*WORK ORDER*
Images are to be dropped, and the rest of the data reproduced exactly.

-- SOURCE INFORMATION follows --

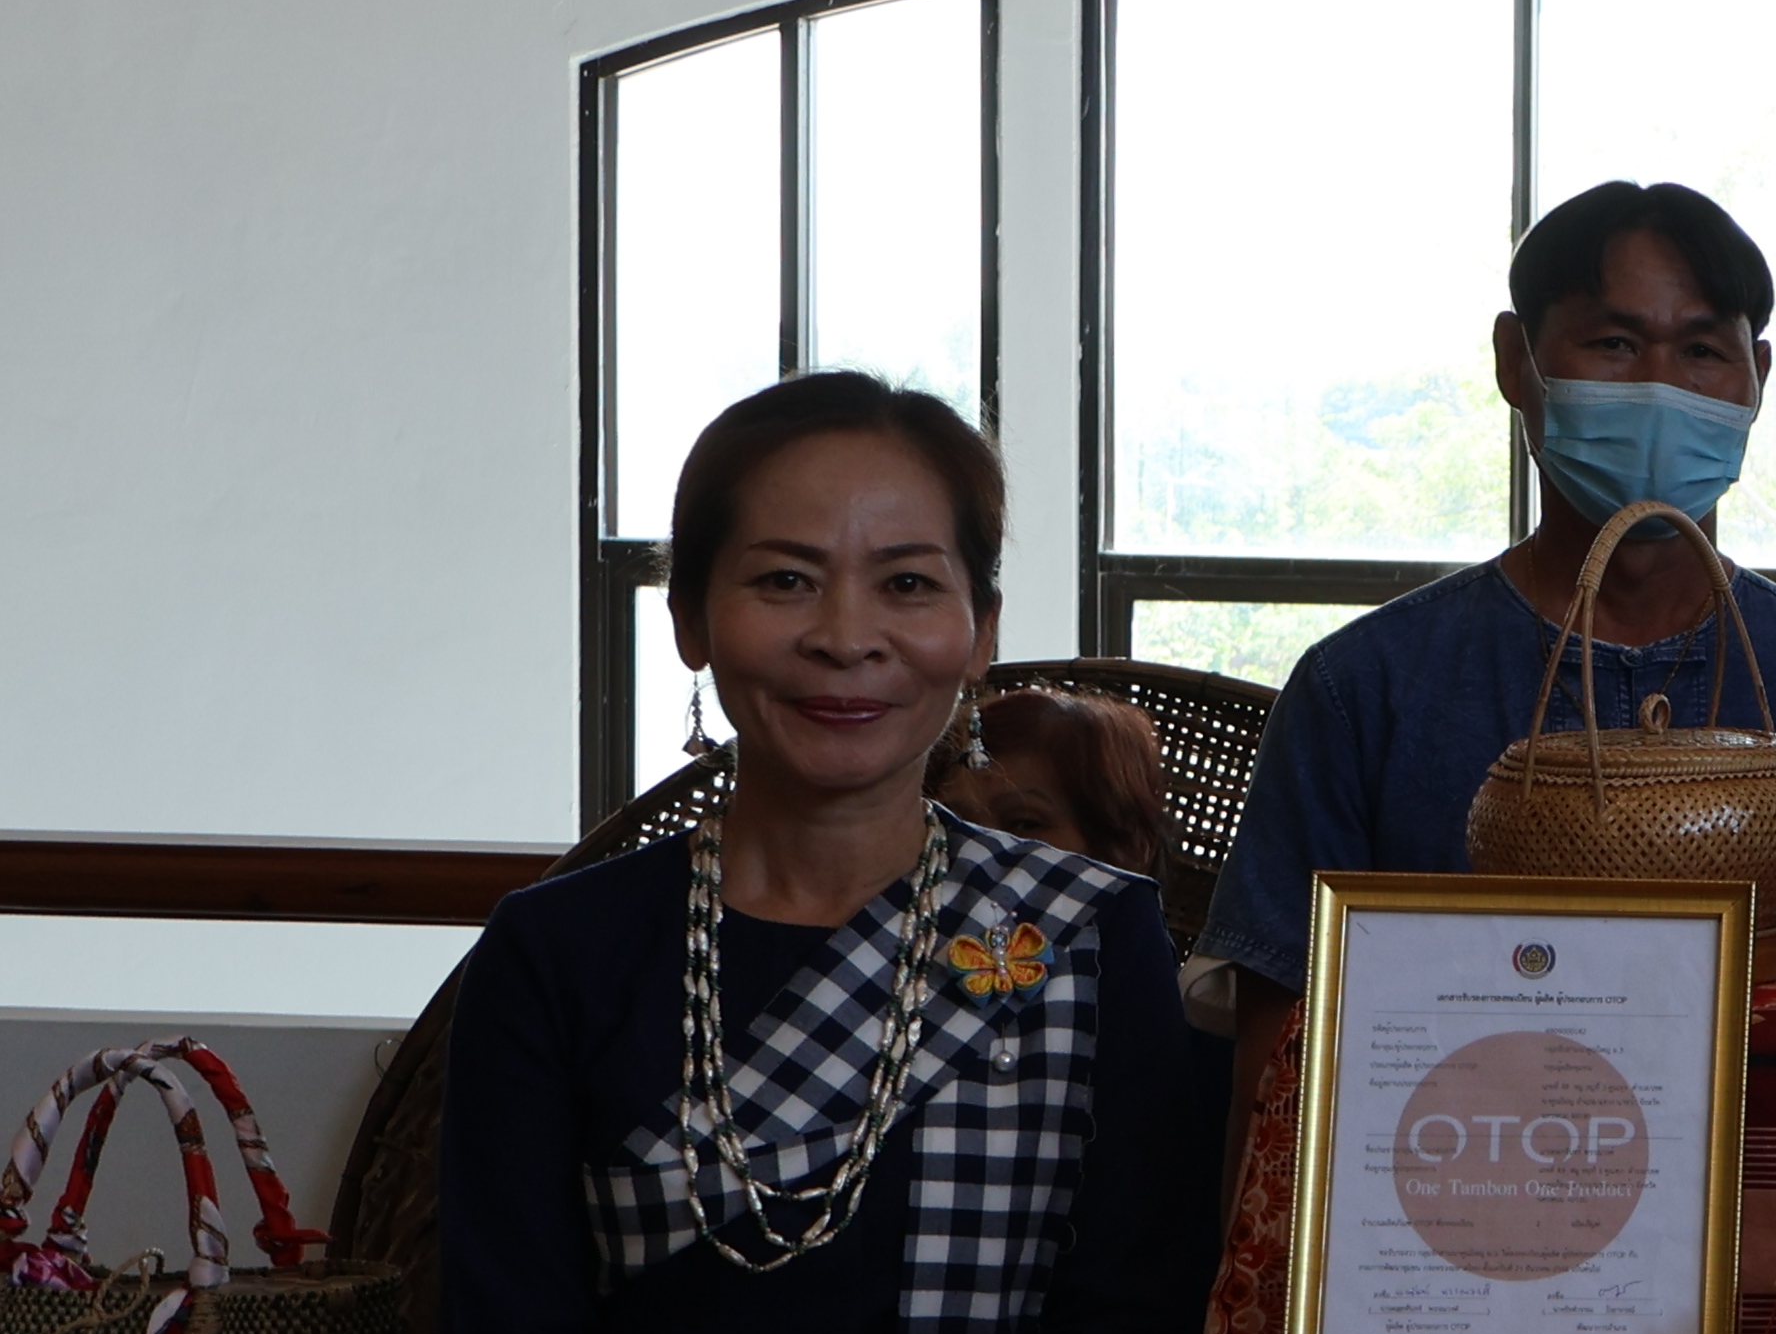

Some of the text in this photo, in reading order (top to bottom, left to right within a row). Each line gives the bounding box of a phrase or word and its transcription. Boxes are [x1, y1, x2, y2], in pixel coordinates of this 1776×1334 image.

[1604, 996, 1627, 1005] OTOP
[1408, 1113, 1636, 1165] OTOP
[1405, 1179, 1441, 1197] One
[1448, 1178, 1517, 1197] Tambon
[1523, 1179, 1560, 1198] One
[1567, 1179, 1633, 1199] Product
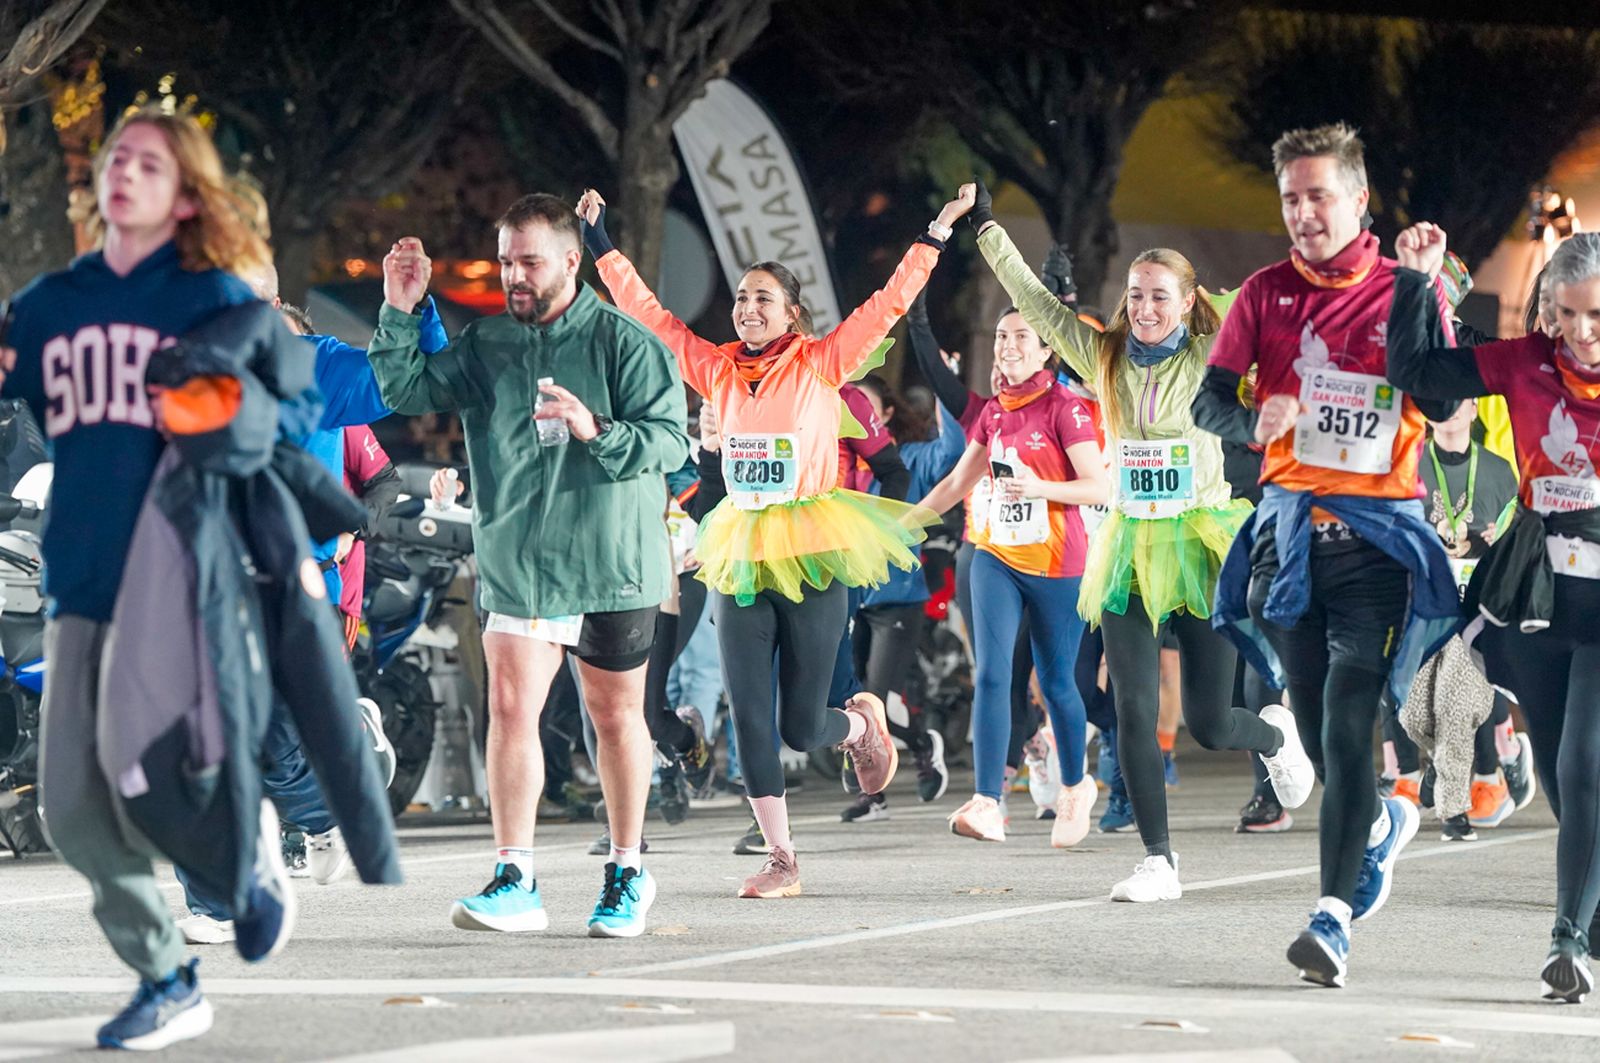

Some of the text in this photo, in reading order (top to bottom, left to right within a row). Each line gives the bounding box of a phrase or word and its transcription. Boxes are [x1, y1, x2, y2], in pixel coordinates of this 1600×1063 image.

[42, 322, 177, 438] SOH
[1326, 383, 1366, 395] NOCHE DE
[1312, 391, 1329, 402] SAN
[1318, 405, 1379, 439] 3512
[738, 441, 756, 449] NOCHE
[730, 451, 743, 459] SAN
[1153, 449, 1163, 457] DE
[1124, 459, 1136, 467] SAN
[734, 461, 785, 484] 8809
[1130, 468, 1179, 493] 8810
[1554, 487, 1580, 499] NOCHE
[1543, 495, 1559, 507] SAN
[999, 502, 1032, 523] 6237
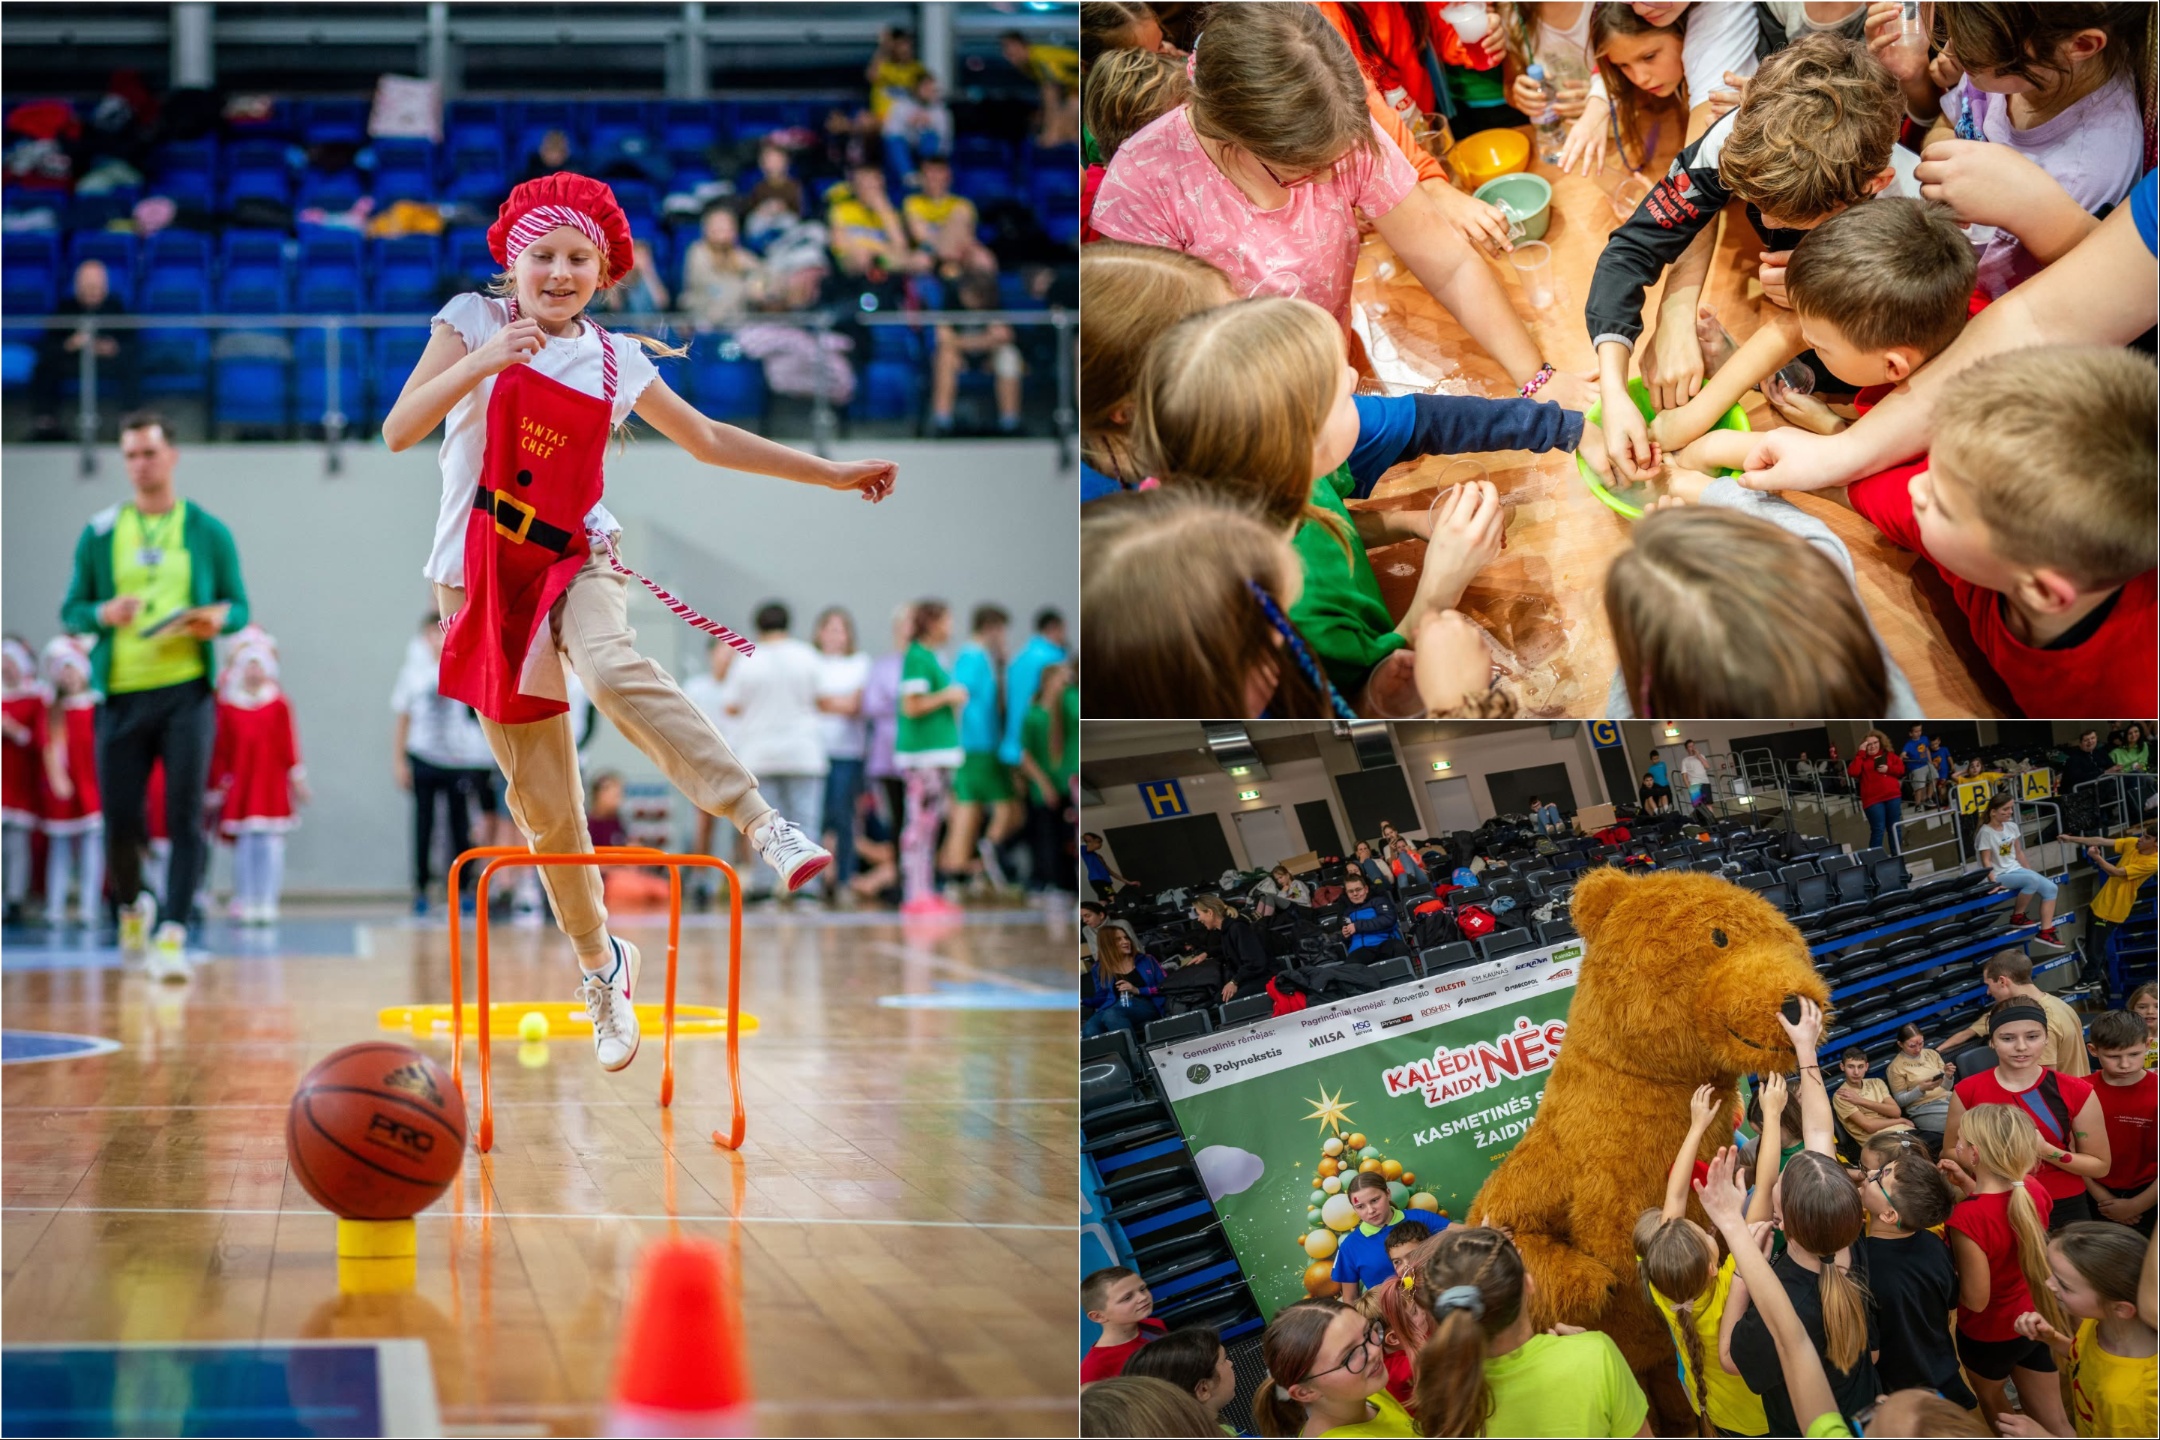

-- SOURCE INFORMATION concluded --

*WRITTEN RESPONSE*
Some of the text in this photo, in reading order (top to bottom, left to right within a row). Each line gives the bounding box of a phrase or word and its transcription. Boxes are [x1, y1, x2, y2], in pixel coordinates of this 1776×1334 image.

[1604, 996, 1627, 1005] OTOP
[1408, 1113, 1636, 1165] OTOP
[1405, 1179, 1441, 1197] One
[1448, 1178, 1517, 1197] Tambon
[1523, 1179, 1560, 1198] One
[1567, 1179, 1633, 1199] Product

Some of the text in this photo, in reading order (top to bottom, left to right within a row). Each line gives the bounding box of a phrase or word and its transcription. Boxes are [x1, y1, x2, y2], in pixel coordinates of this 1600×1063 image.

[42, 322, 177, 438] SOH
[1326, 383, 1366, 395] NOCHE DE
[1312, 391, 1329, 402] SAN
[1318, 405, 1379, 439] 3512
[738, 441, 756, 449] NOCHE
[730, 451, 743, 459] SAN
[1153, 449, 1163, 457] DE
[1124, 459, 1136, 467] SAN
[734, 461, 785, 484] 8809
[1130, 468, 1179, 493] 8810
[1554, 487, 1580, 499] NOCHE
[1543, 495, 1559, 507] SAN
[999, 502, 1032, 523] 6237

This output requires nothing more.